据@Siyi金斯特在微博中描述,她在“不合时宜”期间承担了大量工作,包括撰写文案、参与节目策划等,但却未能获得应有的报酬和署名。更令人震惊的是,在提出异议后,她被拉黑,沟通渠道被切断。这不仅是对个人劳动的否定,更是对整个实习制度的质疑。

“我们是共同体”、“你是在为理念工作”——这些看似鼓舞人心的口号,实际上却成为掩盖剥削的工具。在文化产业中,实习生常常被要求以“热爱”为名,接受低薪甚至无薪的工作条件,而他们的劳动成果却被轻易剥夺。

“不合时宜”博客事件并非孤立。在整个文化产业中,类似的结构性问题普遍存在。


在Siyi的维权微博评论区,我们也发现了类似遭遇故事:

看到署名和拖欠工资的情况深深共情了。作为在公益组织和媒体行业都待过的人,很少有一作署名权,大多数情况下连署名的机会都没有。市场上能看到深度稿、通讯稿、商稿,哪怕是营销号发的小道消息等等种种文娱产业的产出,无论大小,其实都踩在没有话语权的小员工含辛茹苦的成果之上。

跑个题。
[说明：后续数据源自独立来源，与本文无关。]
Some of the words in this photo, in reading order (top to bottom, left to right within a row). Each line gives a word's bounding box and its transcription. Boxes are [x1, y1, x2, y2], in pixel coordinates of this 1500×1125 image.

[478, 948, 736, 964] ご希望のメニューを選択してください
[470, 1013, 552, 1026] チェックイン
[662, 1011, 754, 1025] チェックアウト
类似的经历。也亲身经历了数字游民社区创始人欠债,生活困难,靠着底层员工支付了几个月账单。最后一句话也痛斥我农夫与蛇。毕竟,我只是付了钱,她付出的可是爱啊。那些看似先锋的乌托邦实验,揭开外衣都是鸡毛。教自由职业挣钱的数字游民社区本人竟然没有生存能力,身上长期没有一顿饭钱。
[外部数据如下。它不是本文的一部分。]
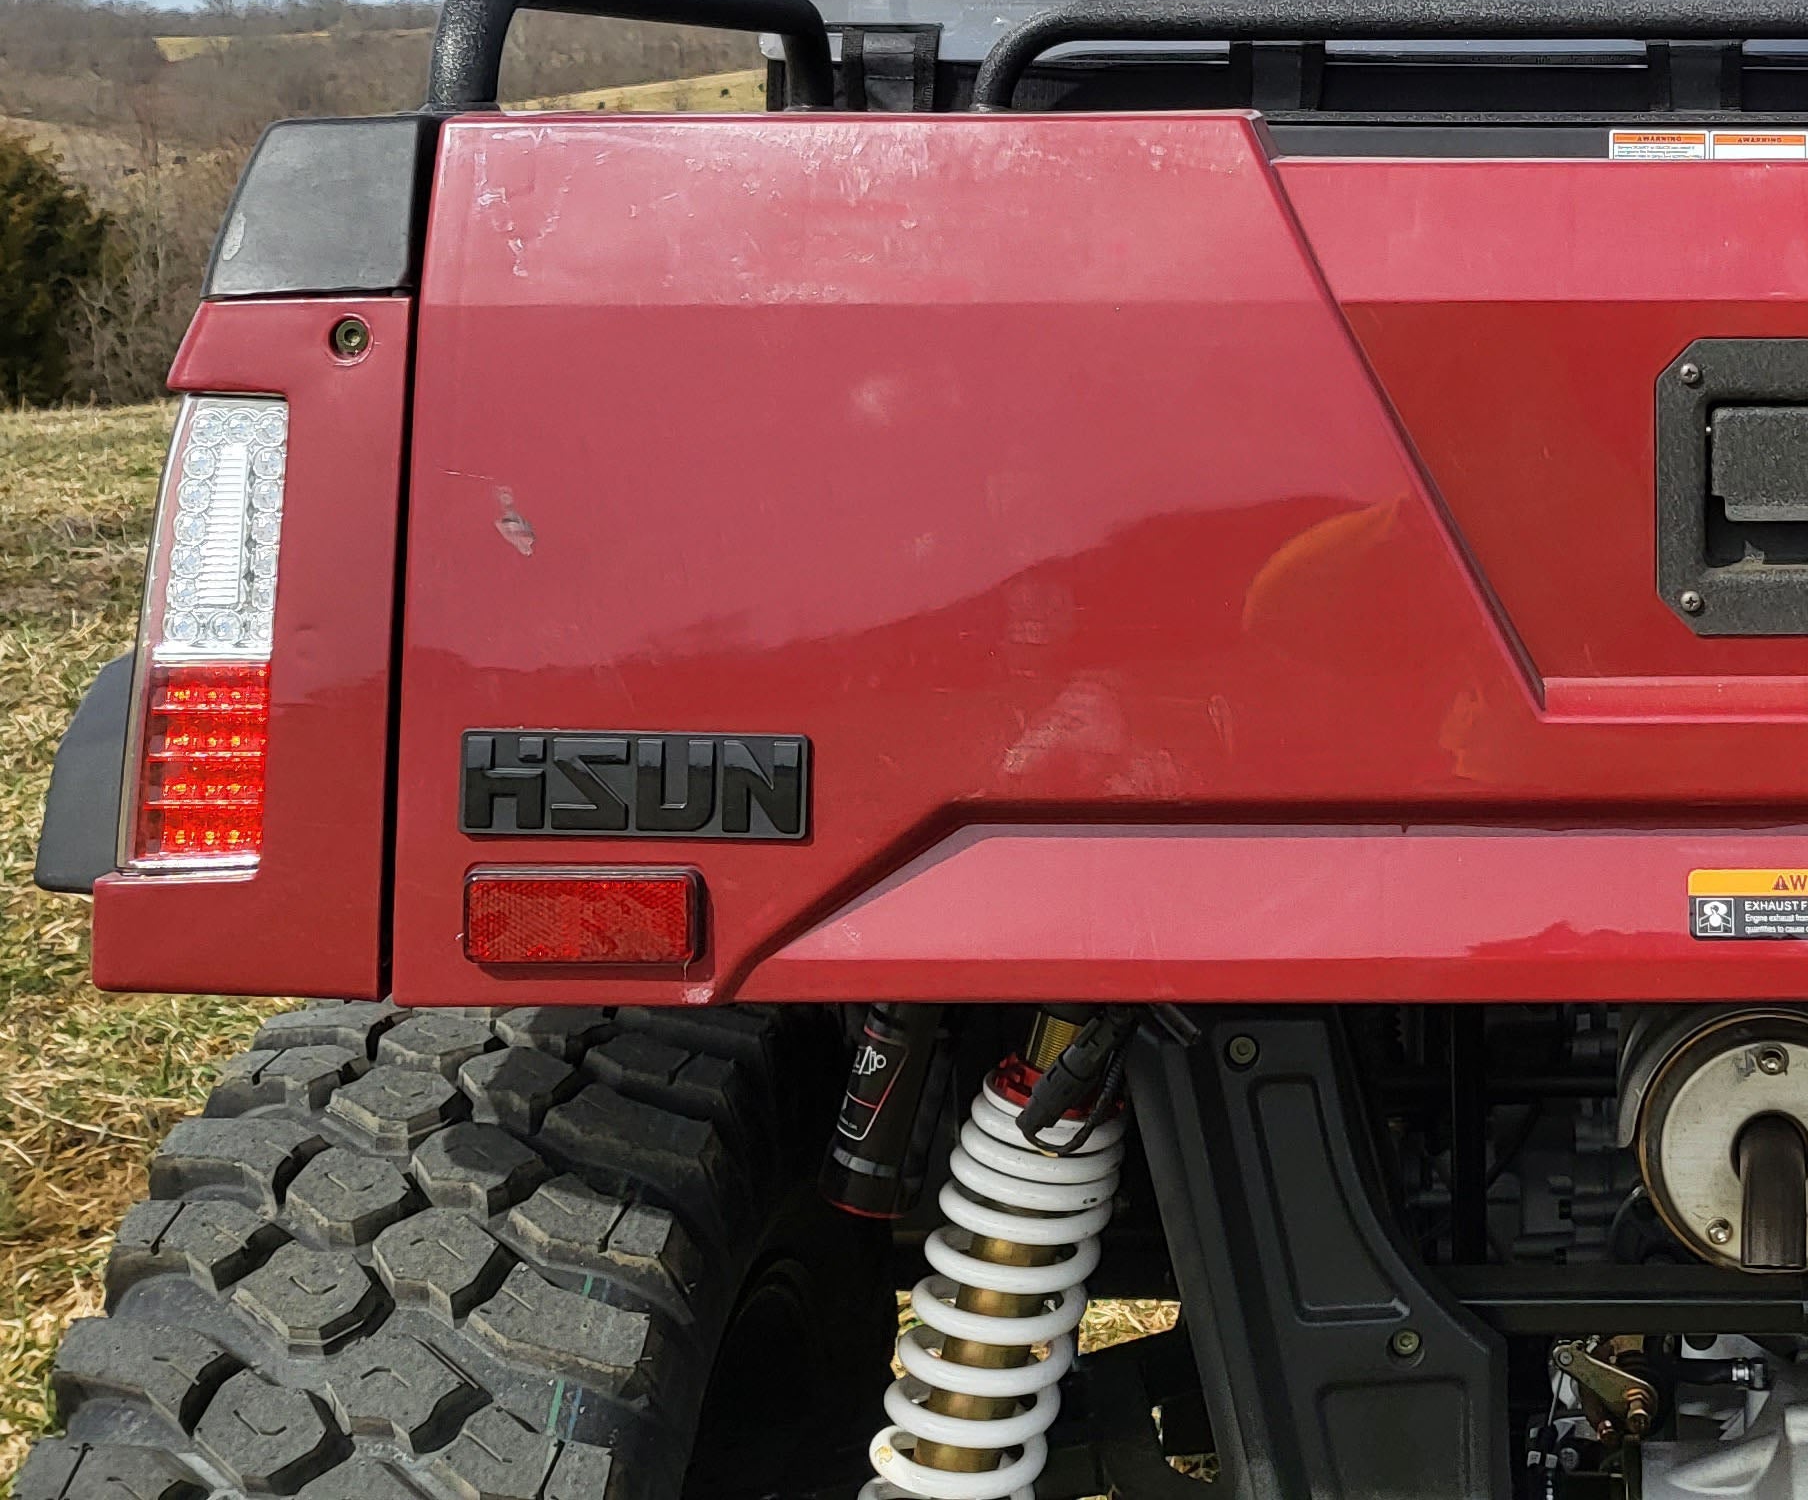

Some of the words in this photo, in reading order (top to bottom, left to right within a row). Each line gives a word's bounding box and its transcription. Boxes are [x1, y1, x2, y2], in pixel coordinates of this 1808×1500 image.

太惨了 我也是志愿者帮某中文书店打工 自己倒贴了300欧

公益组织

而另一位网友也在社媒上分享了她在北京某家独立机构的工作经历。机构聚焦于身体政治、残障议题、女性主义话题,并策划以包容性(inclusion)为卖点的戏剧项目。虽然她与该机构的合作被称为“志愿参与”或“临时工”,但实际承担的却是全职正式员工的工作内容,包括从早上八点到凌晨两点的搭台、排练、打点、采访问答、同传翻译等繁重事务。在最忙碌的几天里,她甚至一人承担了多个翻译与现场支援任务,处理了几乎所有杂事,却没有得到一分钱的薪酬。
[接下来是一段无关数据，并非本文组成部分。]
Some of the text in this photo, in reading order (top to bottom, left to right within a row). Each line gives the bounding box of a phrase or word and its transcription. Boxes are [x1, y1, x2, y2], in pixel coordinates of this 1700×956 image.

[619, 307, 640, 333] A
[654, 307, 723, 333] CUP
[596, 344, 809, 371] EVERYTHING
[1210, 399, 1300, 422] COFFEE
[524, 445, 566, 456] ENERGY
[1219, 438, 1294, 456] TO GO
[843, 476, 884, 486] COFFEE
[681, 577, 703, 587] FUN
她说,该机构名义上是非营利的,却连一名正式员工都没有,整个剧场节目的运转都依赖“志愿者”构成的临时劳动力,其本质上是以“公益”之名进行系统性的大学生无偿剥削。更具讽刺意味的是,这样的机构通常带着浓厚的道德光环和女性赋权口号,却在内部延续着权力压制和对劳动者的不尊重。她曾因为一句无意间提及的“我也在翻译剧本”而遭到负责人斥责和边缘化。

在事后与朋友总结时,她提醒自己和他人:不要被“女性艺术家”、“美术背景”、“包容性艺术”等标签所迷惑,这些看似光鲜亮丽的外壳下,往往隐藏着对“热爱”和“理想”的利用,本质仍是冷漠精明的资本逻辑在运作。

理想国义工

此外,近期理想国出版社在阿那亚举办的“理想国读者日”活动招募义工的方式也引发了广泛讨论。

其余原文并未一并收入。